_What you need to do_:
The result should be the lines from the one holding "this 1659×2212 image." to the end of the records below, repeated exactly. No pictures.

_Source records_:
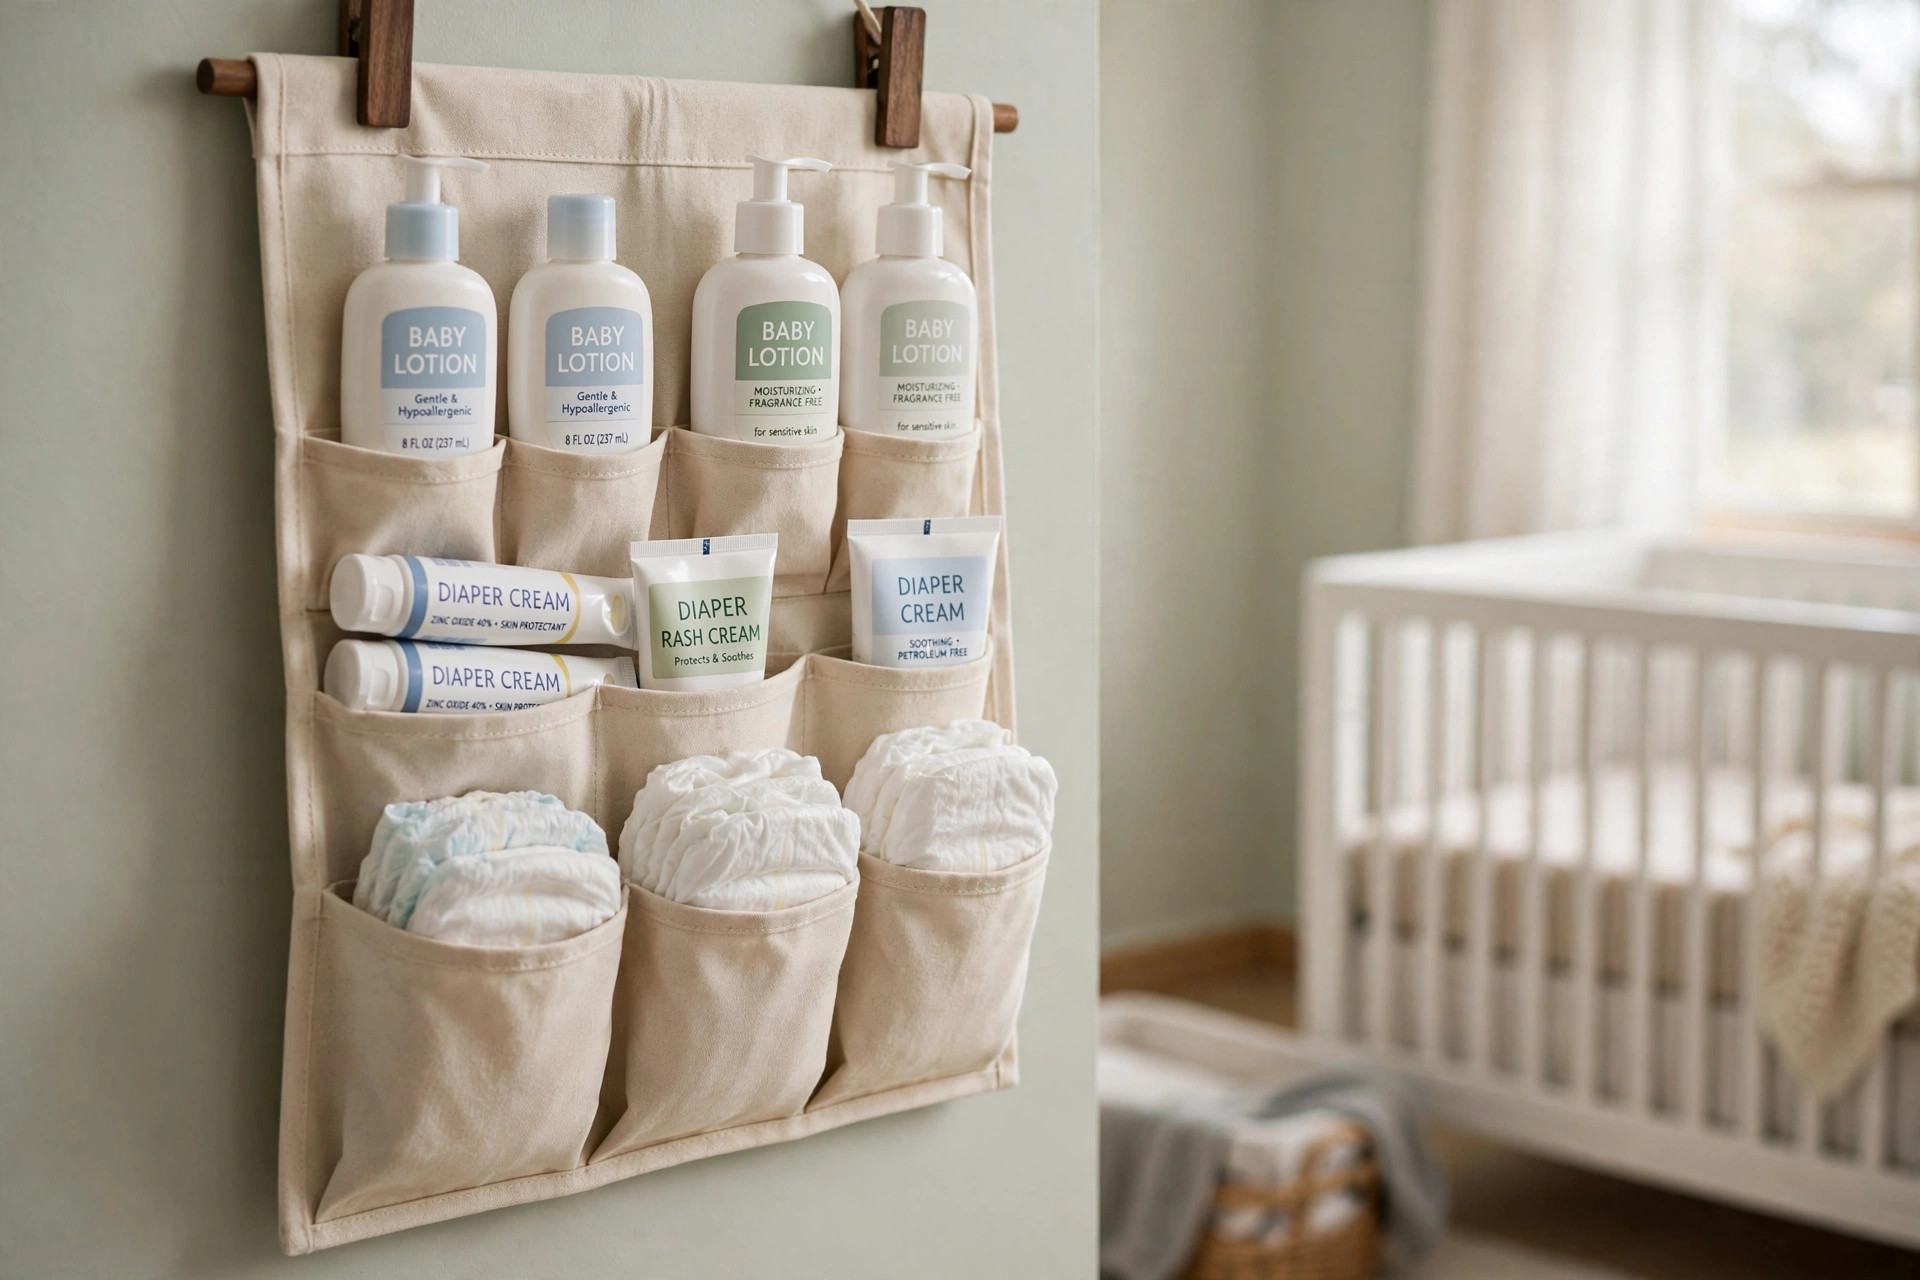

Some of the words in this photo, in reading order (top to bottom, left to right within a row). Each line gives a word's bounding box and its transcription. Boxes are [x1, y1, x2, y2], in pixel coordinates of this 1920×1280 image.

[571, 325, 625, 346] BABY
[762, 320, 815, 341] BABY
[905, 319, 954, 339] BABY
[409, 326, 467, 348] BABY
[748, 346, 823, 367] LOTION
[892, 344, 962, 364] LOTION
[394, 353, 477, 375] LOTION
[557, 351, 634, 373] LOTION
[754, 385, 817, 396] MOISTURIZING
[897, 382, 956, 392] MOISTURIZING
[414, 393, 449, 405] Gentle
[450, 393, 458, 404] &
[577, 391, 609, 401] Gentle
[610, 390, 618, 401] &
[749, 398, 803, 408] FRAGRANCE
[804, 397, 823, 407] FREE
[893, 393, 943, 404] FRAGRANCE
[944, 393, 962, 403] FREE
[398, 405, 472, 420] Hypoallergenic
[561, 402, 631, 417] Hypoallergenic
[754, 426, 766, 437] for
[769, 426, 802, 437] sensitive
[803, 425, 818, 436] skin
[897, 421, 909, 432] for
[911, 421, 942, 431] sensitive
[402, 438, 408, 449] 8
[410, 438, 420, 449] FL
[421, 438, 434, 449] OZ
[435, 437, 454, 451] (237
[565, 434, 571, 446] 8
[572, 434, 582, 446] FL
[583, 434, 596, 446] OZ
[596, 433, 614, 446] (237
[615, 432, 629, 444] mL)
[898, 574, 965, 596] DIAPER
[438, 581, 503, 607] DIAPER
[509, 588, 570, 612] CREAM
[678, 596, 748, 621] DIAPER
[901, 602, 965, 624] CREAM
[431, 615, 450, 625] ZINC
[451, 617, 475, 627] OXIDE
[476, 618, 492, 627] 40%
[500, 620, 518, 629] SKIN
[519, 621, 567, 632] PROTECTANT
[661, 628, 704, 648] RASH
[708, 624, 761, 645] CREAM
[909, 637, 953, 649] SOOTHING
[674, 655, 710, 666] Protects
[712, 653, 719, 664] &
[721, 651, 755, 663] Soothes
[897, 650, 947, 661] PETROLEUM
[949, 647, 968, 657] FREE
[432, 665, 496, 689] DIAPER
[501, 670, 561, 693] CREAM
[426, 699, 445, 709] ZINC
[446, 700, 470, 710] OXIDE
[471, 701, 487, 711] 40%
[495, 702, 513, 712] SKIN
[514, 703, 543, 711] PROT
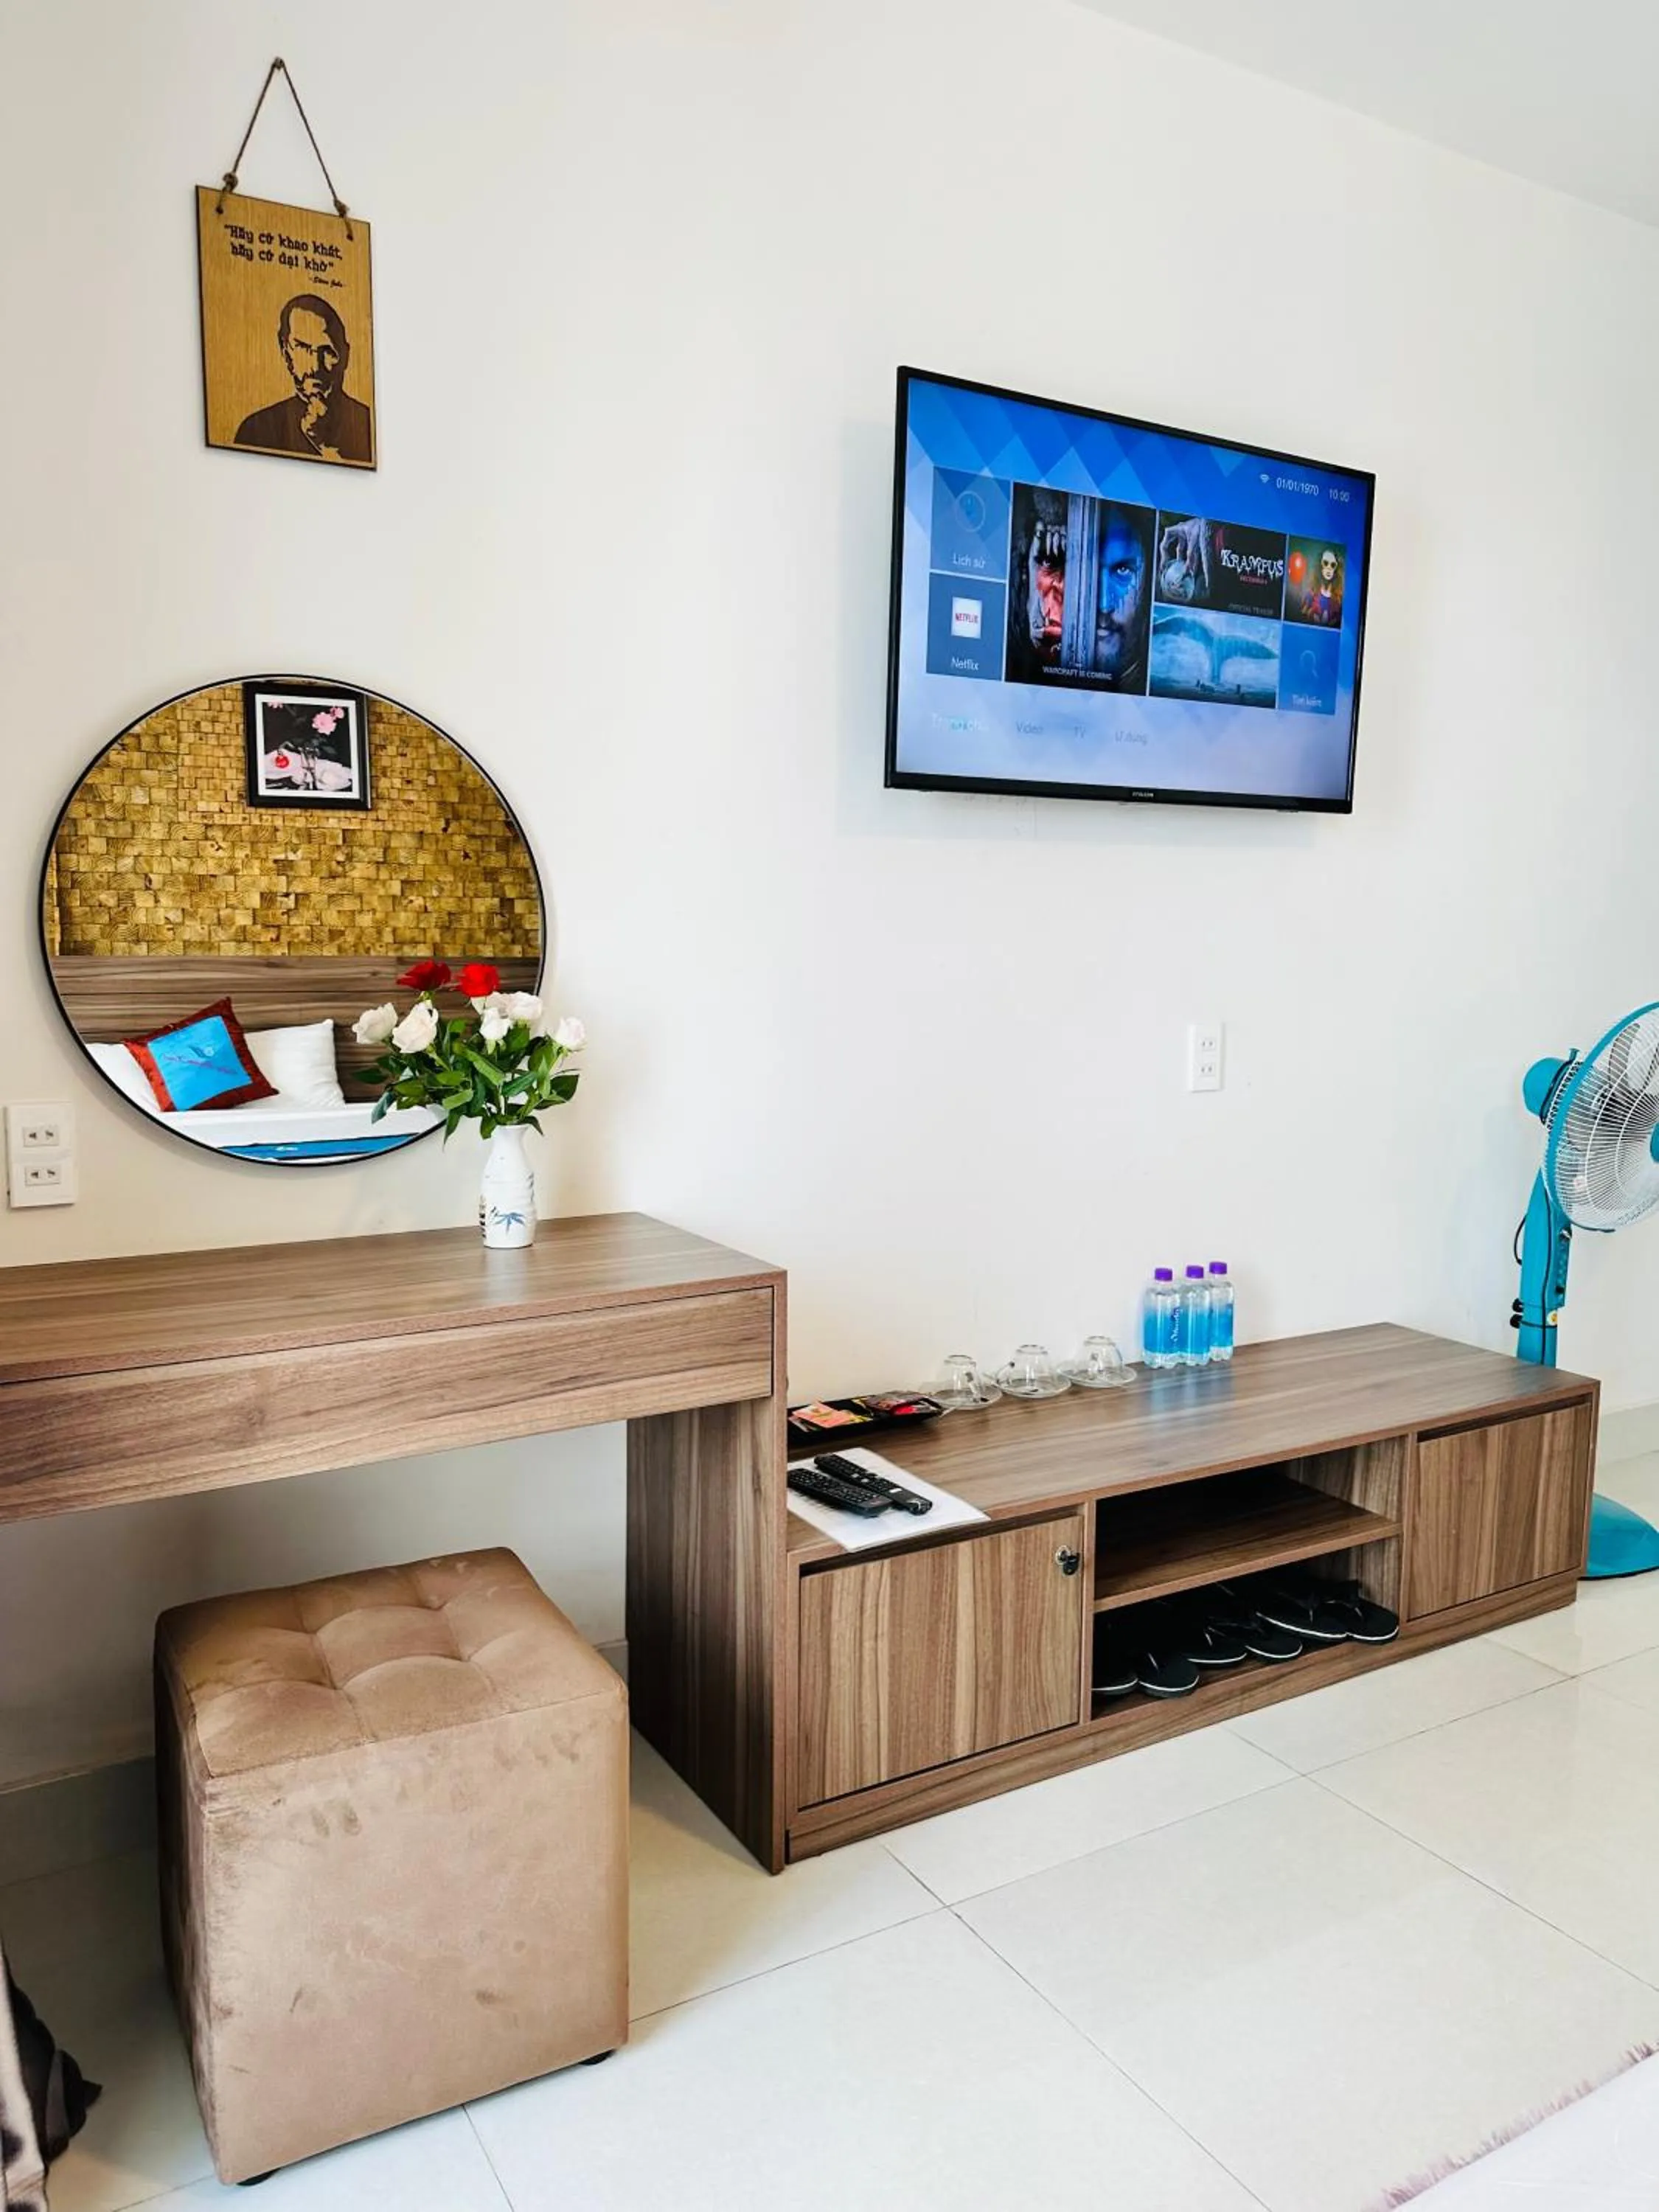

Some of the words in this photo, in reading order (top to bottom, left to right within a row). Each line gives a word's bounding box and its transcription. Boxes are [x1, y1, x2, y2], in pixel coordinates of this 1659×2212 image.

[278, 234, 308, 251] khao
[1276, 477, 1319, 496] 01/01/1970
[1220, 549, 1284, 580] KRAMPUS
[950, 656, 980, 671] Netflix
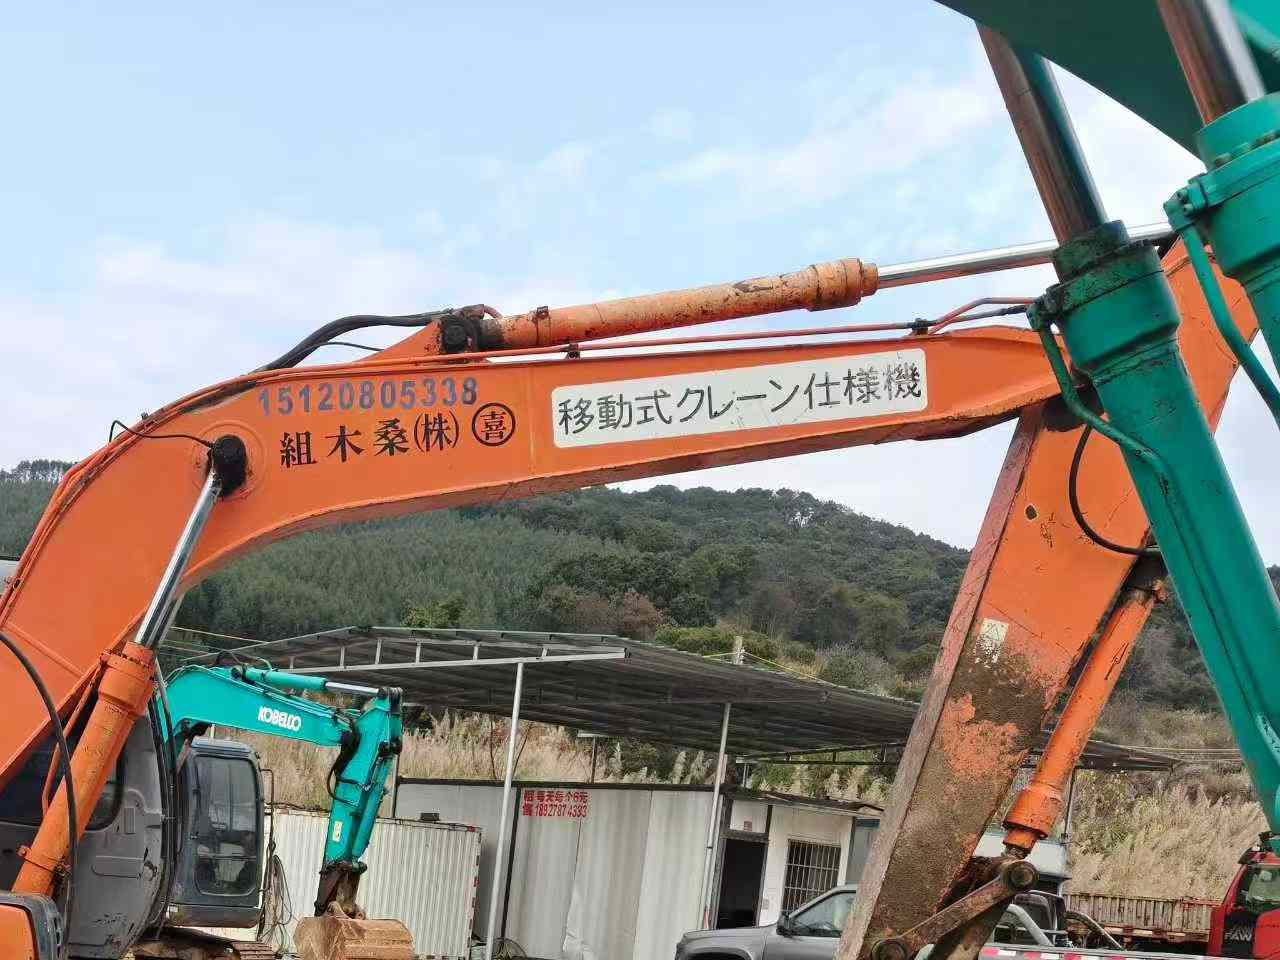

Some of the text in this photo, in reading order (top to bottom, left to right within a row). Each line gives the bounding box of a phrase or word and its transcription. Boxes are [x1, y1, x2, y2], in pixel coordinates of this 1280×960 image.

[258, 376, 477, 416] 15120805338
[558, 363, 921, 435] 移動式クレーン仕様機
[258, 706, 301, 731] KOBELCO

_Finished exercise_:
Some of the words in this photo, in reading order (top to bottom, left to right within a row). Each line gives a word's bounding box and its transcription. Boxes are [x1, y1, x2, y2], in pixel coordinates of this 1659×2212 image.

[278, 234, 308, 251] khao
[1276, 477, 1319, 496] 01/01/1970
[1220, 549, 1284, 580] KRAMPUS
[950, 656, 980, 671] Netflix

Some of the text in this photo, in reading order (top to bottom, left to right within a row). Each line gives the bounding box of a phrase or word and its transcription. Boxes are [x1, y1, x2, y2], in pixel coordinates of this 1280×960 image.

[258, 376, 477, 416] 15120805338
[558, 363, 921, 435] 移動式クレーン仕様機
[258, 706, 301, 731] KOBELCO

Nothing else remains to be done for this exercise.